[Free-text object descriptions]
· · ·

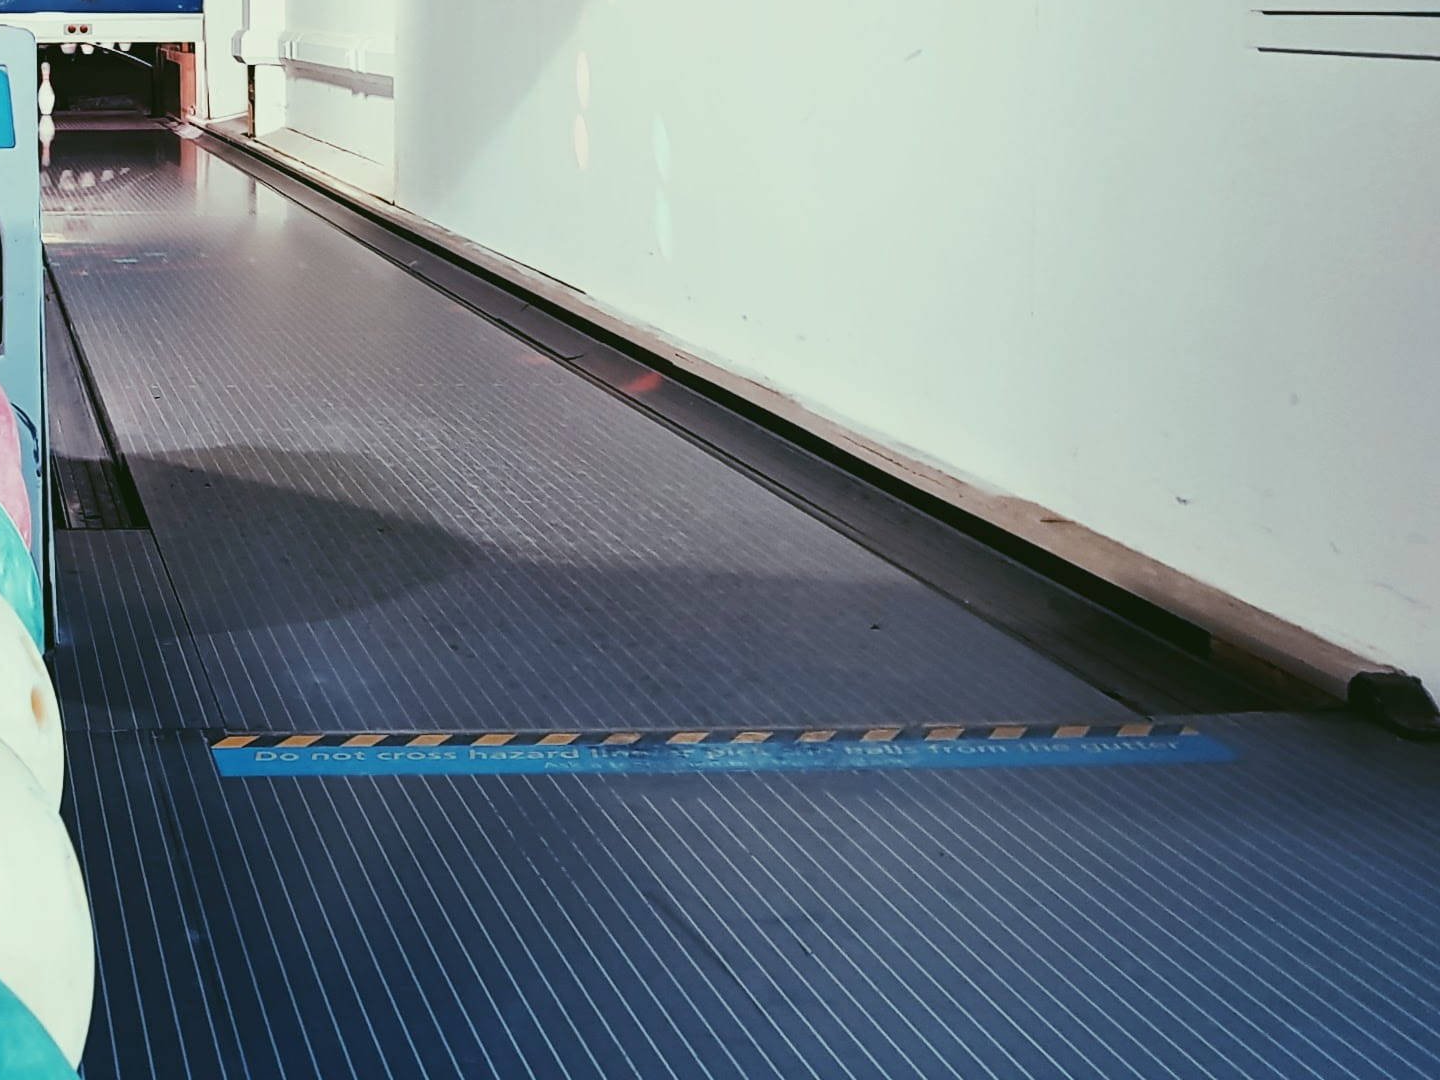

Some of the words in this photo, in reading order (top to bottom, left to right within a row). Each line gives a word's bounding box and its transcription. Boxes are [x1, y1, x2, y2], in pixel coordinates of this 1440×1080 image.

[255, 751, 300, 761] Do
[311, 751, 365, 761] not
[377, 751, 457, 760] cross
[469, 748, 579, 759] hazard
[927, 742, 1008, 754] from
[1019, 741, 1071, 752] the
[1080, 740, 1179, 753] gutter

· · ·

REQUIREMENT:
Output each line above exactly. Skip the images.

RESULT FOR THIS EXERCISE:
Some of the words in this photo, in reading order (top to bottom, left to right within a row). Each line gives a word's bounding box and its transcription. Boxes are [x1, y1, x2, y2], in pixel coordinates of this 1440×1080 image.

[255, 751, 300, 761] Do
[311, 751, 365, 761] not
[377, 751, 457, 760] cross
[469, 748, 579, 759] hazard
[927, 742, 1008, 754] from
[1019, 741, 1071, 752] the
[1080, 740, 1179, 753] gutter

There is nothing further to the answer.